A federal court has ordered Kraken, a major cryptocurrency exchange, to comply in part with an Internal Revenue Service summons seeking customer records to aid an investigation into tax compliance.

On Thursday, the United States District Court for the Northern District of California ruled that Kraken must produce basic identifying information for account holders who conducted at least $20,000 worth of cryptocurrency transactions during any year between 2016 and 2020. This includes names, birth dates, addresses, phone numbers, email addresses, and taxpayer IDs.

The court also ordered Kraken to provide transaction records and logs reflecting all cryptocurrency purchases, sales, transfers, loans, and margins trades during that period. However, the court denied the IRS’s request for broader categories of information, including records of changes to users’ personal information and IP addresses over time, anti-money laundering reviews, and funding sources beyond standard transaction records.

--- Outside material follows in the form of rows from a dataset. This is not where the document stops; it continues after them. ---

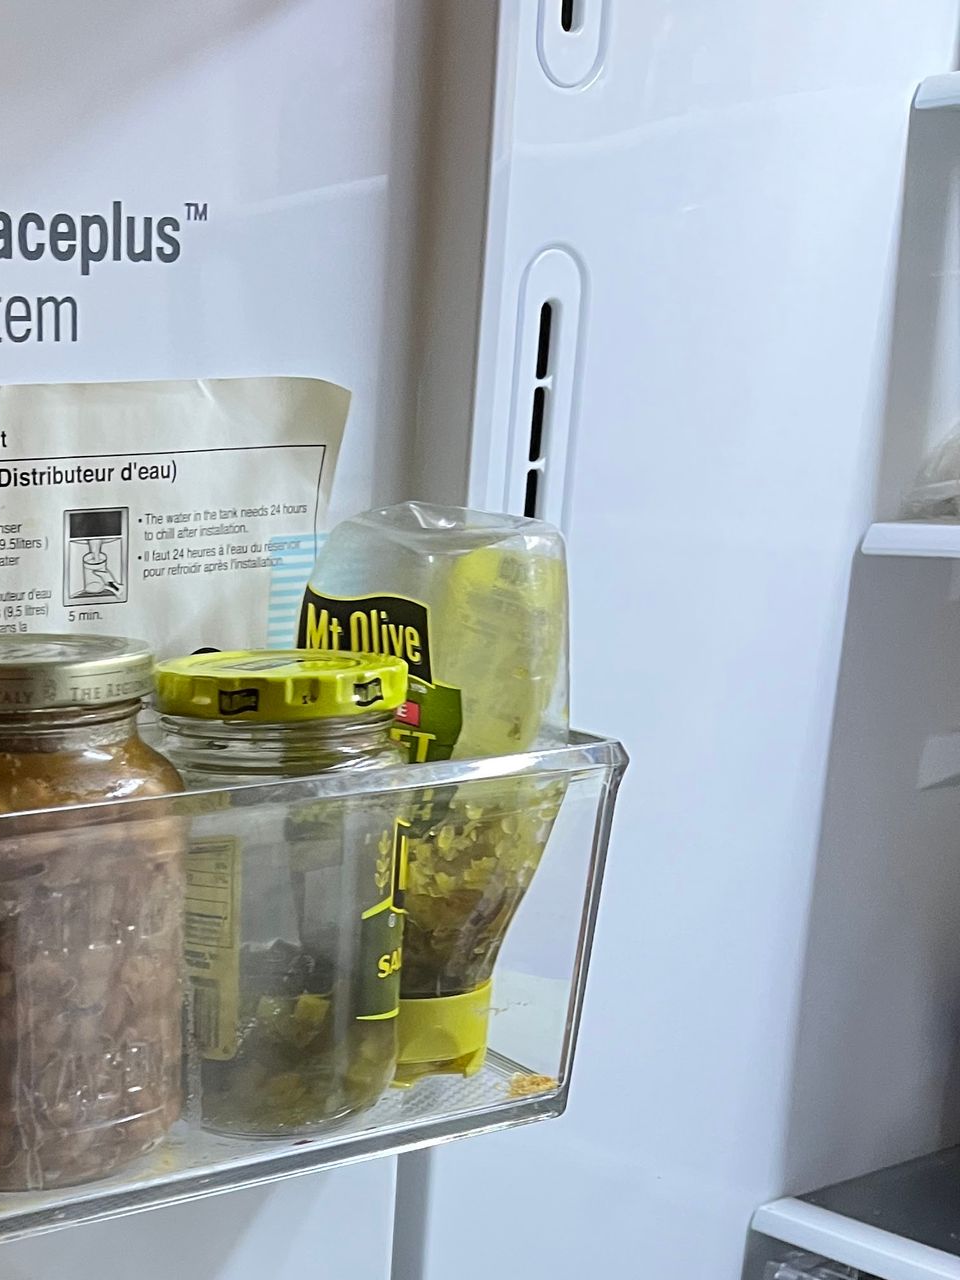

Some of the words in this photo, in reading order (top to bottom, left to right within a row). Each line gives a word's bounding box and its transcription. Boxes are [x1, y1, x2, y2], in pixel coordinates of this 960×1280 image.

[121, 460, 177, 483] d'eau)
[145, 511, 162, 525] The
[166, 510, 191, 523] water
[193, 509, 201, 520] in
[203, 508, 218, 521] the
[219, 506, 238, 519] tank
[240, 505, 269, 518] needs
[270, 503, 281, 515] 24
[283, 501, 307, 514] hours
[145, 529, 154, 541] to
[156, 527, 174, 539] chill
[177, 524, 197, 538] after
[200, 521, 249, 536] installation.
[151, 549, 170, 562] faut
[172, 547, 184, 560] 24
[186, 545, 216, 560] heures
[227, 543, 248, 556] l'eau
[250, 541, 262, 554] du
[143, 566, 164, 580] pour
[167, 561, 201, 576] refroidir
[203, 559, 228, 574] après
[68, 612, 75, 622] 5
[78, 610, 103, 621] min.

The summons was issued as part of an IRS investigation into possible tax underreporting by owners of cryptocurrency. According to court records, the number of taxpayers reporting cryptocurrency transactions has increased in recent years but still appears disproportionately low relative to estimates of market activity.

In a declaration, IRS agent Karen Cincotta said the information was needed to determine “the identities and federal tax liabilities” of cryptocurrency owners and “whether those users have failed or may be failing to comply with the internal revenue laws.” The IRS narrowed an initial summons after the court questioned whether some requests were overbroad.

In its order, the court found that disclosing users’ basic information and transaction details could aid the IRS’s investigation. But the court ruled that requests for more extensive records, like those reflecting users’ internet addresses over time, were “clearly broader than necessary.” Providing that data at this stage, the court said, amounted to an unjustified “fishing expedition.”

The court also cited a 2017 case, United States v. Coinbase, in which a different court rejected similarly sweeping IRS requests for cryptocurrency customer records. The IRS had issued a “John Doe” summons, for unidentified individuals, in that case as well.

Kraken had argued that compliance would be unduly burdensome and invasive, in part because of the large volume of records and questions about the security of transmitting data to the IRS. Kraken said it serves over 4 million customers and has facilitated $140 billion in transactions since 2011.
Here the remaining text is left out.